= Jermyn Street showroom of Andrew Grima =

1960s London jewellery store

The London showroom of jeweller Andrew Grima opened in 1966 at 80 Jermyn Street in the St James's district. It no longer exists due to subsequent redevelopment. It was designed in the brutalist style.

==Description==
The façade to the street was made from asymmetrical 'tombstone sized' slabs of slate on a steel framework designed by sculptor Bryan Kneale. The jewellery was displayed to the street in irregularly shaped openings and peepholes to attract spectators. The distinctive exterior offered "a foretaste" of Grima's unique jewellery designs found within the shop.

The showroom was entered through a large aluminium door which was opened automatically from the inside. The door was designed by Geoffrey Clarke. The interior was designed by the film designer Ken Adam. The shop was fitted by P.M. Designs Ltd. Grima's office was situated in what has been described as a "white textured-concrete tub-like pillbox bunker" in the middle of the showroom. Grima's brothers, Godfrey and George were the architects of the showroom. Grima said that he wanted to "show the world what a 21st-century shop should look like.

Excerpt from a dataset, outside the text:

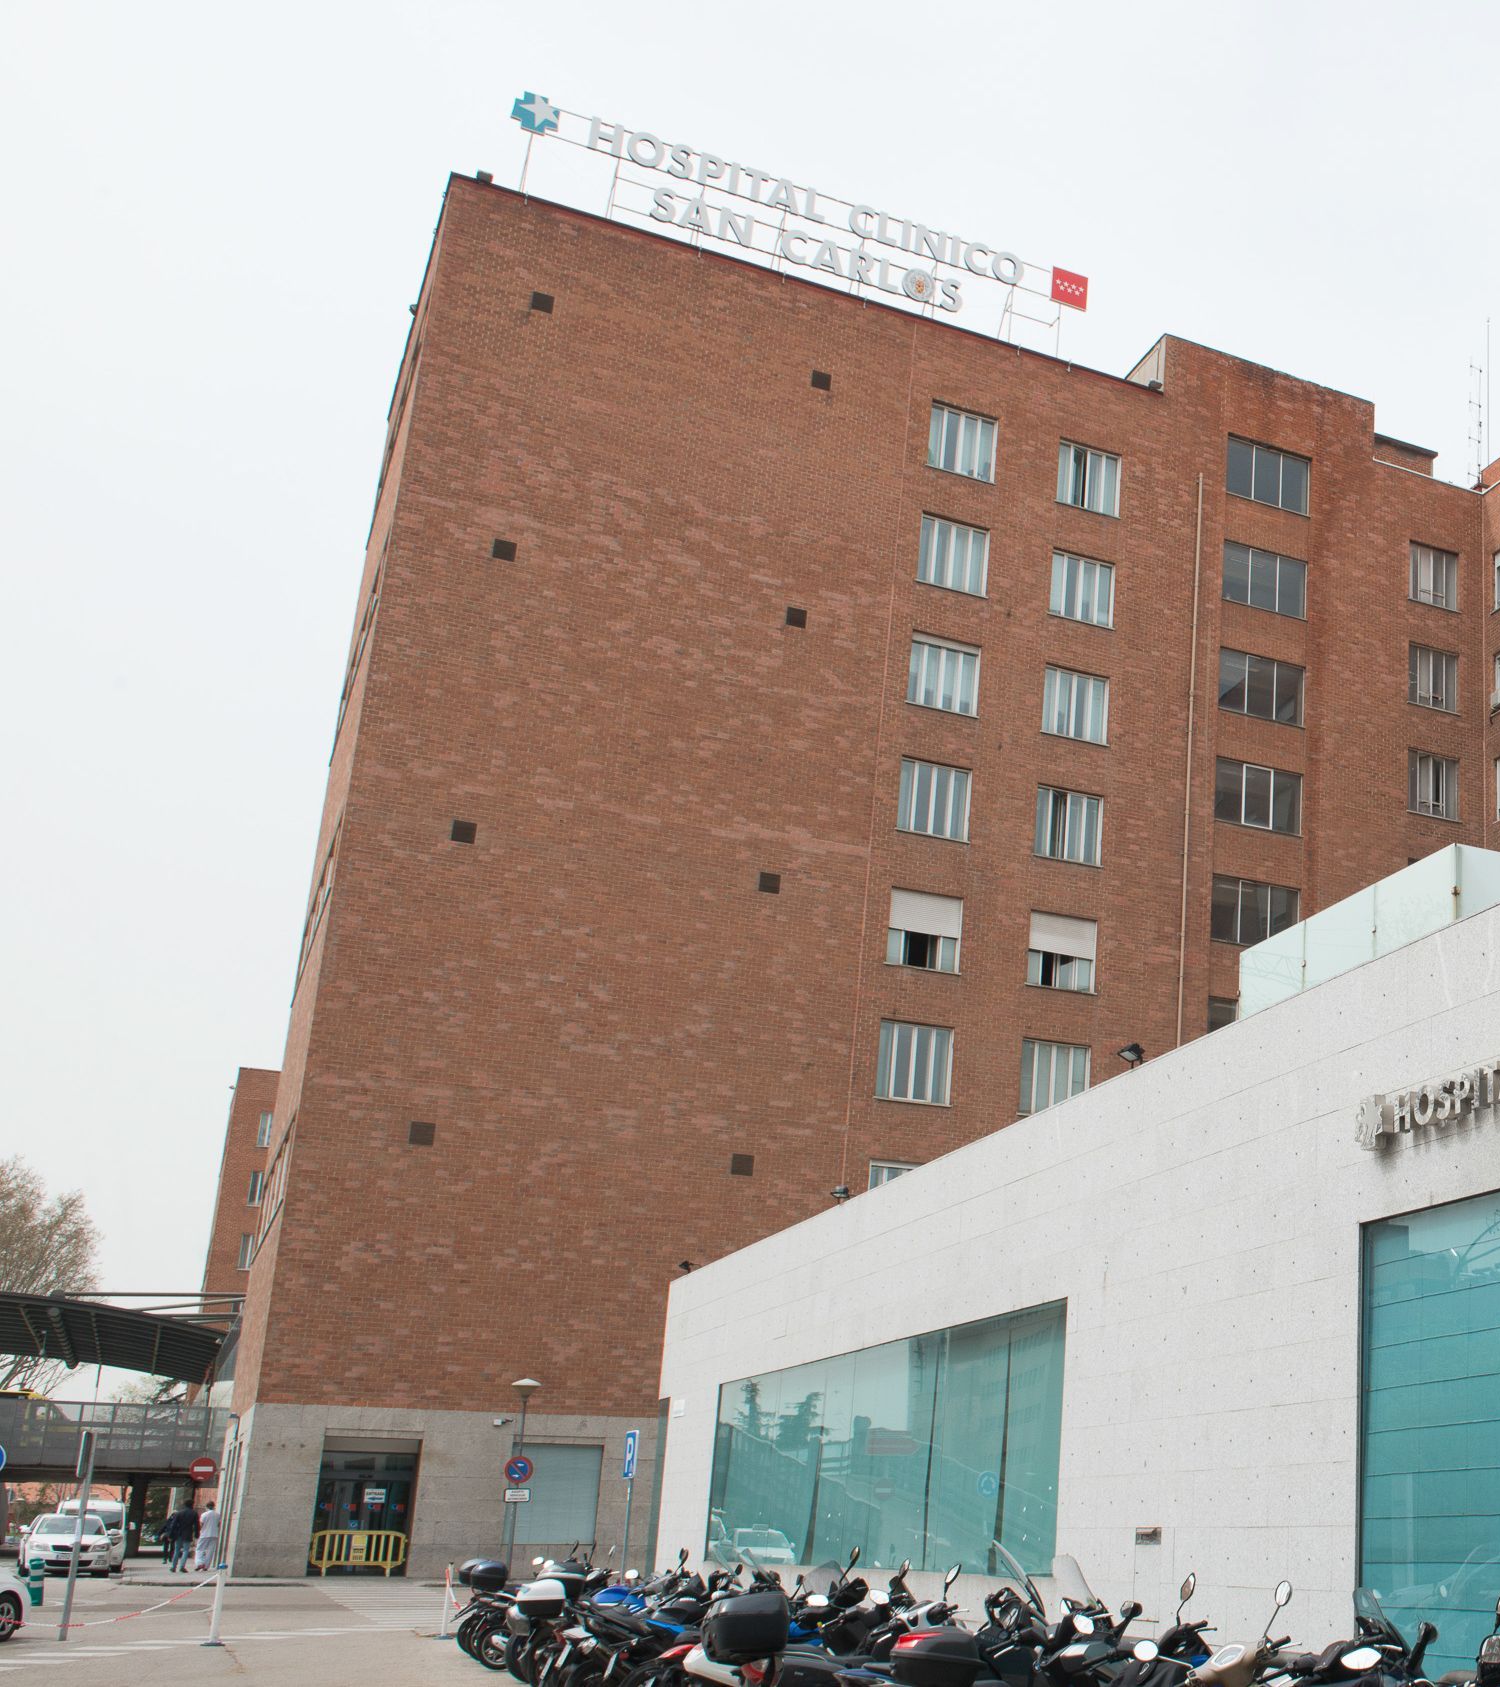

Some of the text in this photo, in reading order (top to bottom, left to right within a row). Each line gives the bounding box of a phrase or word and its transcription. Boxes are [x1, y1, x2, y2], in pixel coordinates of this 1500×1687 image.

[587, 116, 1025, 285] HOSPITAL CLINICO
[649, 187, 963, 313] SAN CARLOS
[625, 1437, 634, 1473] P

No counters to form a barrier between customer and salesperson, clean lines, no clutter—everything designed to lead the customer toward the jewels".

==Reception==
In 2017 historian Nicholas Foulkes wrote that the showroom was "pure Barbarella meets Bond villain lair" and that in the present day it was "difficult, if not impossible, to appreciate the excitement" that accompanied the opening of the shop in 1966. It was opened by Grima's friend and client, Lord Snowdon. Snowden was married to Princess Margaret, Countess of Snowdon. Snowden's patronage attracted Prince Philip, Duke of Edinburgh to buy a brooch for his wife, Queen Elizabeth II. Grima received a Royal warrant the same year. The showroom has been described as "one of the sights" of Swinging London and a "destination" for 1970s glitterati.

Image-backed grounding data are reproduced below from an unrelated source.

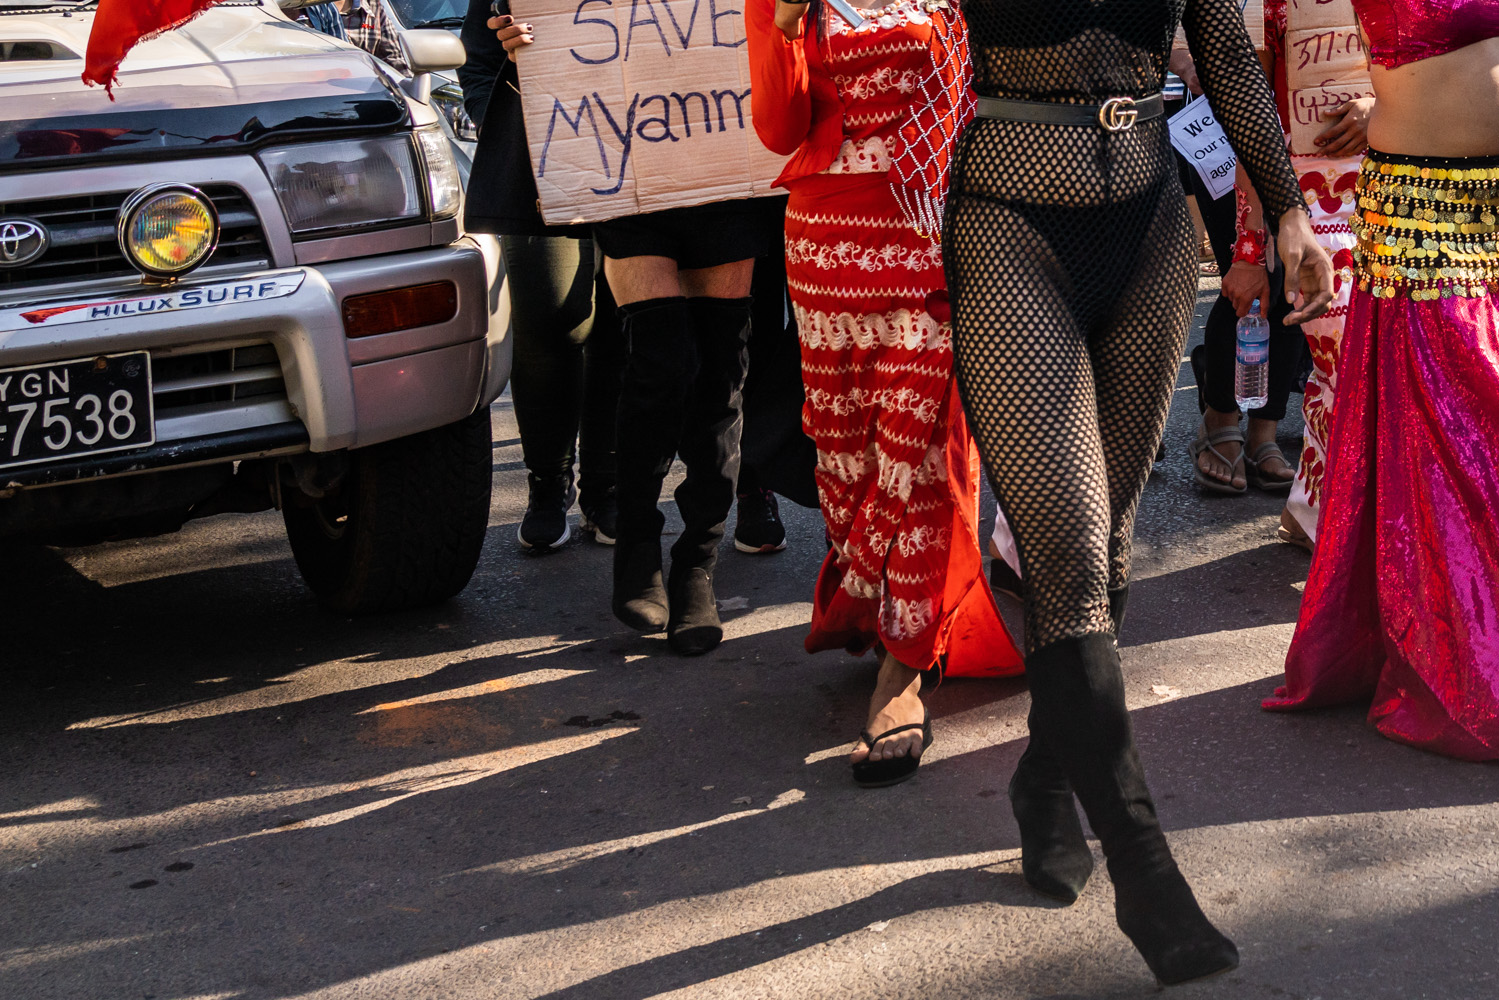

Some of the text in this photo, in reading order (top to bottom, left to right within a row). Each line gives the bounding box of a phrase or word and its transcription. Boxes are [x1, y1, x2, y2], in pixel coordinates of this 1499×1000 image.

[537, 88, 752, 196] Myanm
[1183, 116, 1215, 138] We
[92, 281, 277, 319] HILUX SURF
[0, 368, 70, 402] YGN
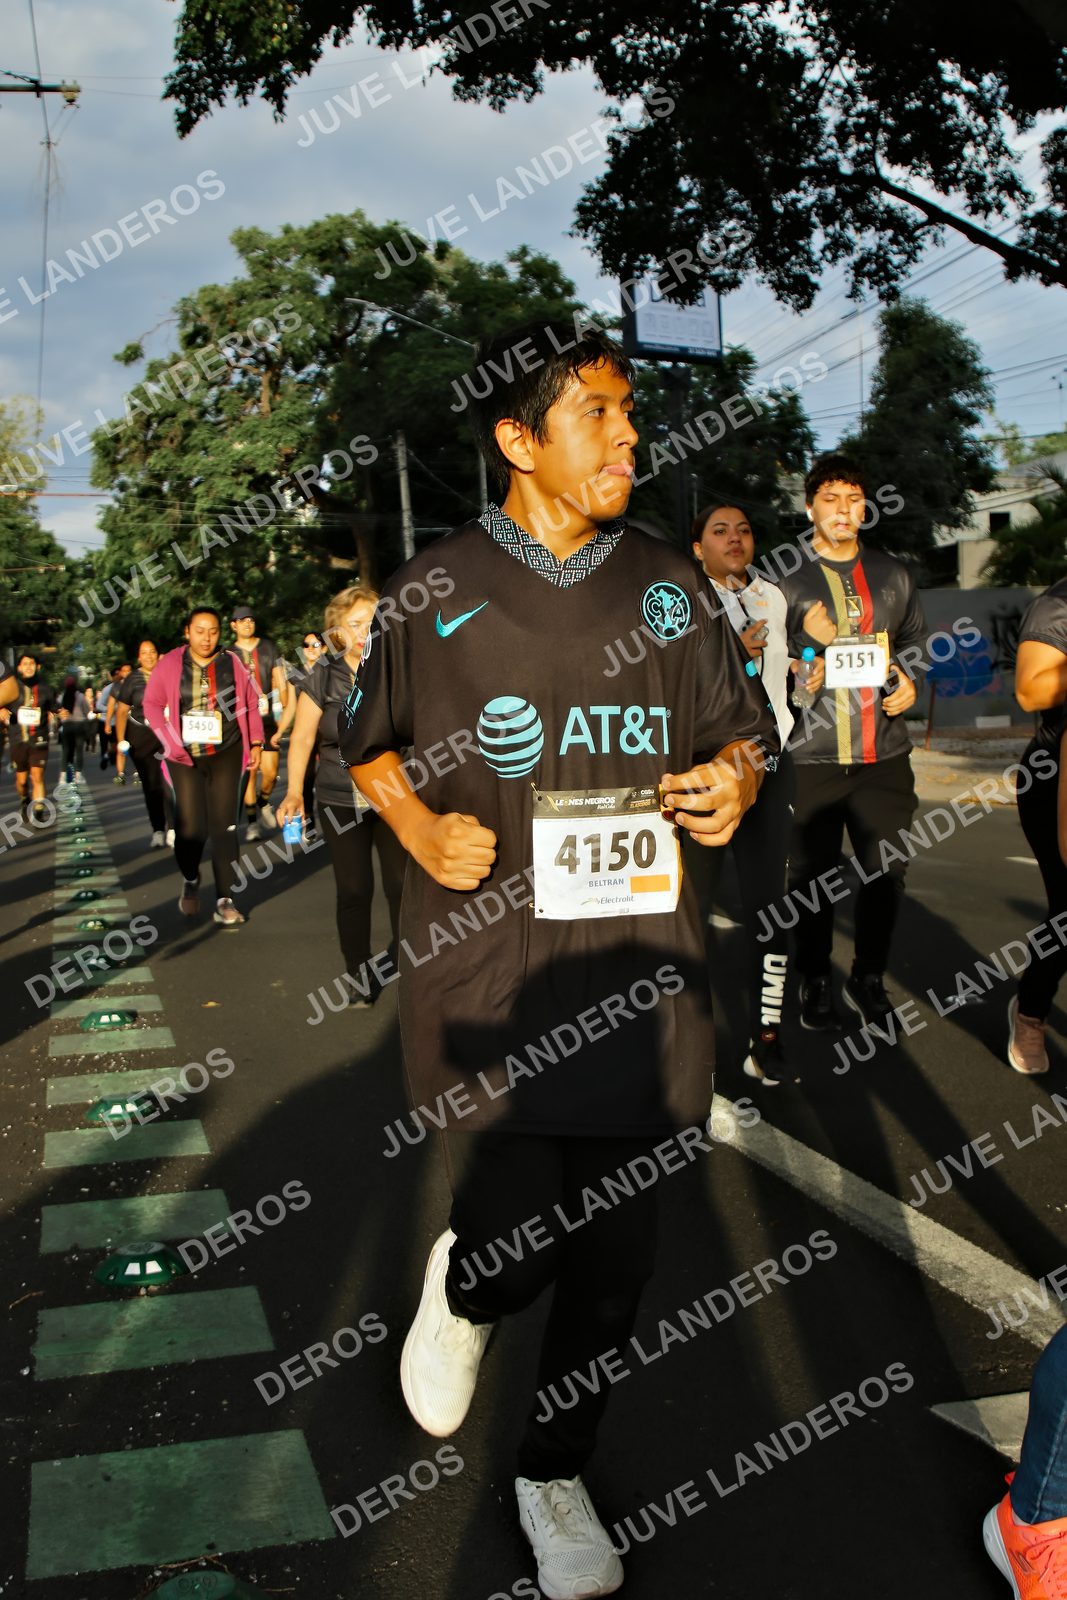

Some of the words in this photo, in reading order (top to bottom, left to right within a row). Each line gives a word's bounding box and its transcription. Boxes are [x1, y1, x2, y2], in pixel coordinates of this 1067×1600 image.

The National Heritage List for England described the shopfront as "extraordinary". In 1970 an underground showroom designed by Grima's brothers was created to display his watch designs for Omega. The underground room was accessed by a translucent staircase designed by the engineer Peter Rice and built by Ove Arup & Partners. It was claimed to be the world's first circular acrylic staircase.

The shopfront was a stylistic precursor to Wartski's shopfront of 1974 on Grafton Street in Mayfair, designed by John Frederick Bruckland. Wartski's shopfront was listed Grade II in November 2012.